> Activity:
Copy all records verbatim.
══ Dataset ══
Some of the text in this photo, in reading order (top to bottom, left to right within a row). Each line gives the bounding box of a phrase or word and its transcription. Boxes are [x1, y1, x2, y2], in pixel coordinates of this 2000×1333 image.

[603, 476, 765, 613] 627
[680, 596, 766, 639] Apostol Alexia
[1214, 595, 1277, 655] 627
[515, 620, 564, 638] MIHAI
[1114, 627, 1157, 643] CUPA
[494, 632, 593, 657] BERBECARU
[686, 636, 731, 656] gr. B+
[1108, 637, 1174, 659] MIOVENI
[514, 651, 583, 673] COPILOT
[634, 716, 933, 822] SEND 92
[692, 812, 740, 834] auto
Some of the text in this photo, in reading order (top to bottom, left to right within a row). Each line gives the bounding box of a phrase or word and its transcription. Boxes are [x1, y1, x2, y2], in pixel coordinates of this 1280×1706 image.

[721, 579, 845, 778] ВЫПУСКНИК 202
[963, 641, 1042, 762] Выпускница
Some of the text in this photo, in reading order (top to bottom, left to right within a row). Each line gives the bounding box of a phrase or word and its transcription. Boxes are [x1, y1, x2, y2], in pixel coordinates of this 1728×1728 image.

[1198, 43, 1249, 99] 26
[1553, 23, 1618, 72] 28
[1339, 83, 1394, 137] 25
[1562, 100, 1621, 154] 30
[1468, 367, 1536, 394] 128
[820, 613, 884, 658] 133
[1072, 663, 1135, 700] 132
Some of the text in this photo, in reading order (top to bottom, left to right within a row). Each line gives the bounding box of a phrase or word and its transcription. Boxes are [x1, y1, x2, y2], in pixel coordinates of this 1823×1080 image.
═══
> Solution to this task:
Some of the text in this photo, in reading order (top to bottom, left to right within a row). Each line gives the bounding box of a phrase or word and its transcription. Boxes are [x1, y1, x2, y2], in pixel coordinates of this 2000×1333 image.

[603, 476, 765, 613] 627
[680, 596, 766, 639] Apostol Alexia
[1214, 595, 1277, 655] 627
[515, 620, 564, 638] MIHAI
[1114, 627, 1157, 643] CUPA
[494, 632, 593, 657] BERBECARU
[686, 636, 731, 656] gr. B+
[1108, 637, 1174, 659] MIOVENI
[514, 651, 583, 673] COPILOT
[634, 716, 933, 822] SEND 92
[692, 812, 740, 834] auto
Some of the text in this photo, in reading order (top to bottom, left to right within a row). Each line gives the bounding box of a phrase or word and its transcription. Boxes are [x1, y1, x2, y2], in pixel coordinates of this 1280×1706 image.

[721, 579, 845, 778] ВЫПУСКНИК 202
[963, 641, 1042, 762] Выпускница
Some of the text in this photo, in reading order (top to bottom, left to right within a row). Each line gives the bounding box of a phrase or word and its transcription. Boxes are [x1, y1, x2, y2], in pixel coordinates of this 1728×1728 image.

[1198, 43, 1249, 99] 26
[1553, 23, 1618, 72] 28
[1339, 83, 1394, 137] 25
[1562, 100, 1621, 154] 30
[1468, 367, 1536, 394] 128
[820, 613, 884, 658] 133
[1072, 663, 1135, 700] 132
Some of the text in this photo, in reading order (top to bottom, left to right within a row). Each line gives the bounding box of a phrase or word and its transcription. Boxes are [x1, y1, x2, y2], in pixel coordinates of this 1823×1080 image.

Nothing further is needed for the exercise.